Every entry below should be reproduced exactly; no picture is to be included.
Top of Information shown
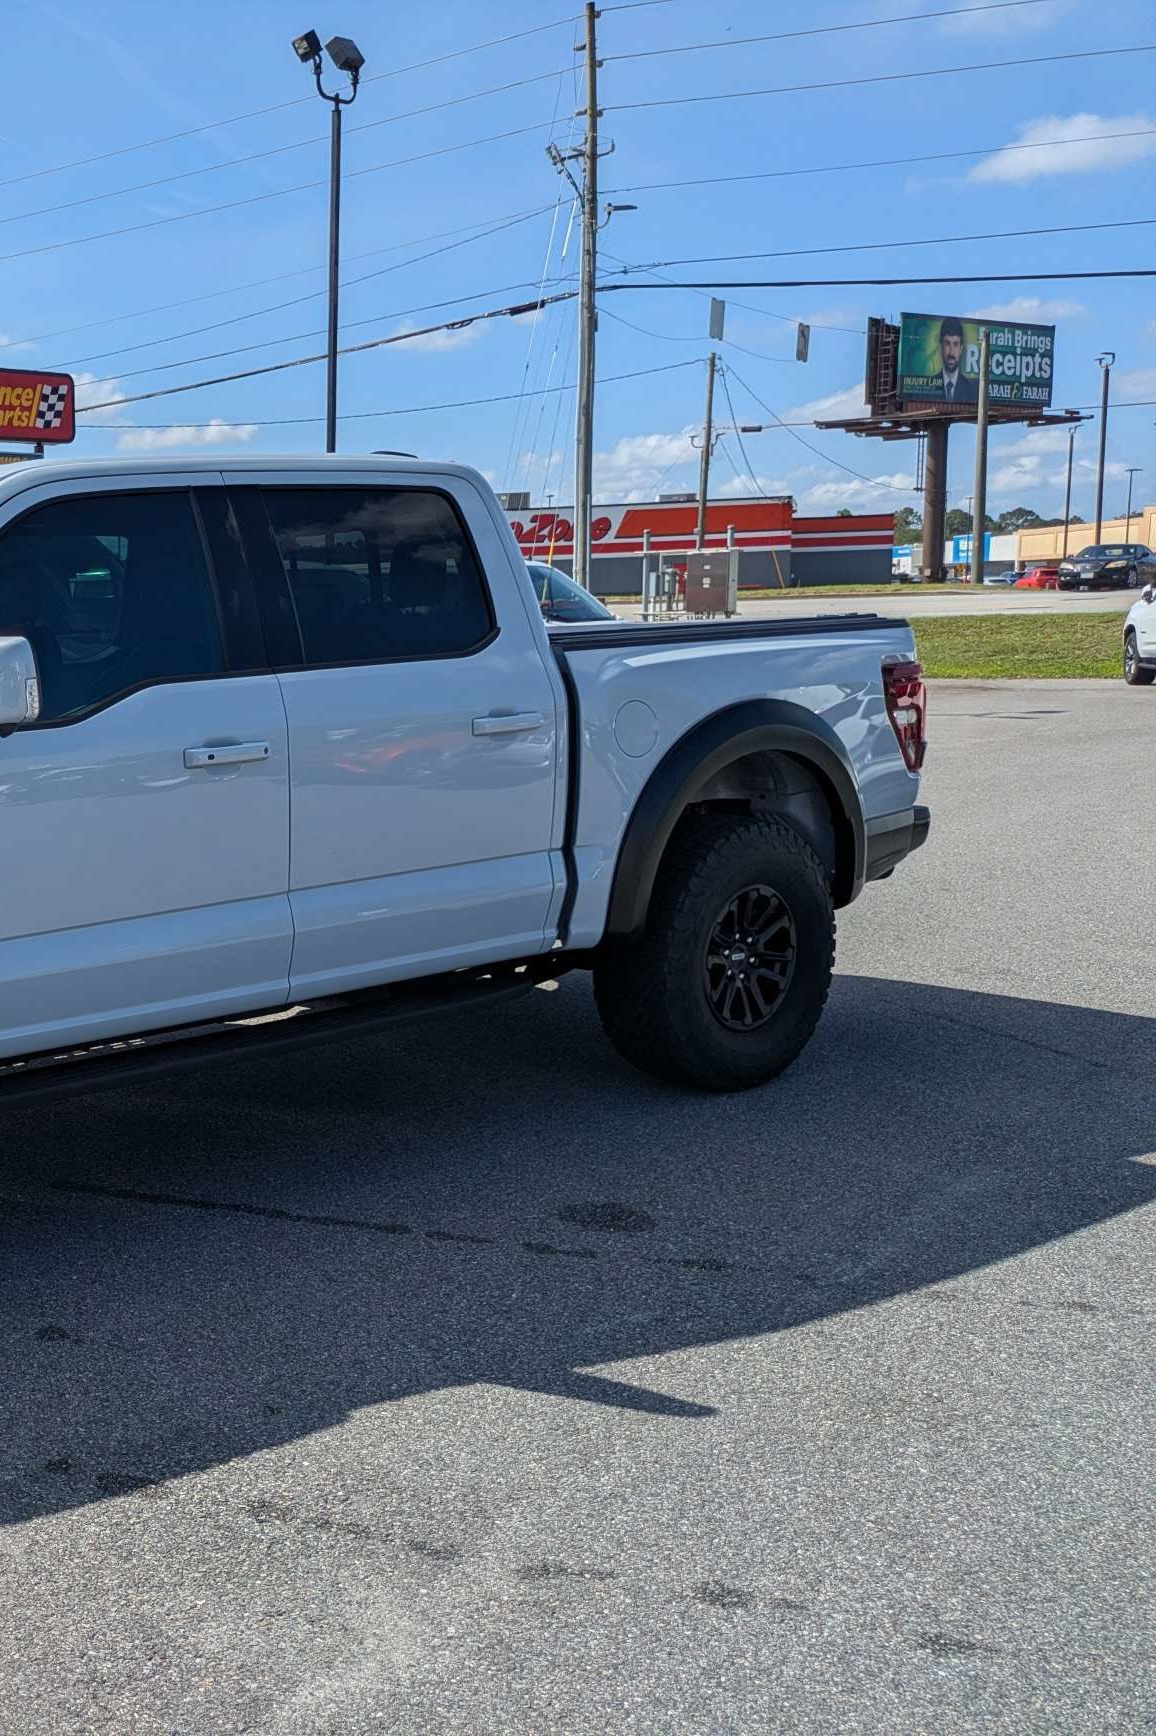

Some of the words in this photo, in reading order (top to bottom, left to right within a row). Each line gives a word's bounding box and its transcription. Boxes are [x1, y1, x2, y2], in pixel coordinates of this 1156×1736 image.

[1014, 330, 1051, 353] Brings
[965, 344, 1051, 383] Rceipts
[903, 376, 927, 386] INJURY
[928, 377, 943, 387] LAW
[988, 384, 1012, 398] ARAH
[1022, 386, 1049, 400] FARAH
Bottom of Information shown
**Exercise response**
Some of the words in this photo, in reading order (top to bottom, left to right within a row). Each line gives a word's bounding box and its transcription. Boxes are [x1, y1, x2, y2], in pixel coordinates of this 1156×1736 image.

[1014, 330, 1051, 353] Brings
[965, 344, 1051, 383] Rceipts
[903, 376, 927, 386] INJURY
[928, 377, 943, 387] LAW
[988, 384, 1012, 398] ARAH
[1022, 386, 1049, 400] FARAH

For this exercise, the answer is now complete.